I very much want to be a good citizen, good friend and help people out, but there are times when I really want to say NO, but end up resenting having said YES.
My friend asked me to spend a day helping her pack and move. Recently separated, she is moving into a smaller place. She assumes that because I work from home I can take off for a day and work for her for free.
I told her I would think about it and get back with my answer.
It may not sound like a huge commitment, but it means that I would have the back-aching chore of taking out two car seats (then fastening them back in again the next morning) and laying the seats flat in my SUV for her stuff that I’m packing.
Also, I would have to pay a sitter to pick up my kids from school, walk them home, and stay with them for an undetermined period of time until I get home!
Please let me know what I should do as soon as possible.
–Name withheld, Bangor, ME
In regard to your question about how to go about saying NO to a friend.
When a person hesitates with hems and haws, catch that as a NO.
Here’s hoping your friend got the hint when you put her off by stalling your answer. Stalling means MAYBE. MAYBE usually means NO. Phone her to say, “That day doesn’t work for me.”

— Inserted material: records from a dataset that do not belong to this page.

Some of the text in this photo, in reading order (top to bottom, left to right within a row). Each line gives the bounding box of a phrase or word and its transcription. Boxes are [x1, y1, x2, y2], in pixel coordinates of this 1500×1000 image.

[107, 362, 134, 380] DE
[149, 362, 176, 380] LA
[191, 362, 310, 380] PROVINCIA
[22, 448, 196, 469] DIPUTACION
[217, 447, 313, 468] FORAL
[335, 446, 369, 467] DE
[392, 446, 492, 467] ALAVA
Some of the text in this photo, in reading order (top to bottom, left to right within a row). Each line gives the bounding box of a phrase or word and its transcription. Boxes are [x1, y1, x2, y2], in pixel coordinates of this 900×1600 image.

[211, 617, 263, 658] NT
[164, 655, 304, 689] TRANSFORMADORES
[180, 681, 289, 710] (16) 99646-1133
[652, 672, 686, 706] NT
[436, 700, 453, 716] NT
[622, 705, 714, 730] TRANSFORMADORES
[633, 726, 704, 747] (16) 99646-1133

- Don’t make detailed excuses.
- Don’t lie, you could get caught.
- Don’t feel guilty about saying NO.
- Don’t give mixed messages such as, “I should be working, but I want to be helpful.”
When one NO is not enough, repeat the same answer: “That day doesn’t work for me.”

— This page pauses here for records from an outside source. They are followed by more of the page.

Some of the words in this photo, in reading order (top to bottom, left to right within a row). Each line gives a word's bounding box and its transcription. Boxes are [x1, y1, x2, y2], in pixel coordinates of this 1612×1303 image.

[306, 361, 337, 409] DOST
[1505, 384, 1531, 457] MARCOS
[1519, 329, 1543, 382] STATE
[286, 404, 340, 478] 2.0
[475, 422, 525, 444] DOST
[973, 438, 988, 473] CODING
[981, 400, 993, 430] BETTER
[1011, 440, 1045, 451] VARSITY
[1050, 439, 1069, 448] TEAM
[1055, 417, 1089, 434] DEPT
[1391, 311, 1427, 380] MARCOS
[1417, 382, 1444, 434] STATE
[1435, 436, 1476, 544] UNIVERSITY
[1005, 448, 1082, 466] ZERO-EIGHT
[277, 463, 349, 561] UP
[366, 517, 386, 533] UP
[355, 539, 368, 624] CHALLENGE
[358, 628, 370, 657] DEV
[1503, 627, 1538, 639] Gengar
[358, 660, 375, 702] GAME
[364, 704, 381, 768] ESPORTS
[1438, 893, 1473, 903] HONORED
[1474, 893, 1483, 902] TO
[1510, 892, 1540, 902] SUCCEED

If she changes the day, be truthful, “I can’t take a day off from my work.”
Support in a different way:
- Give her a firm NO answer within a day.
- Be honest, say you have to work and suggest someone else who might be able to help her move. Look for ‘Guy with Big Truck’ ads in your local paper and give her the phone number.
- If she says she can’t afford to pay for help, offer to give her the cost of having you hire a sitter to mind your kids — if you had said YES.
Stick to your own priorities. When saying NO, say it fast, be brief when explaining why you’re saying NO, and offer support in a different way.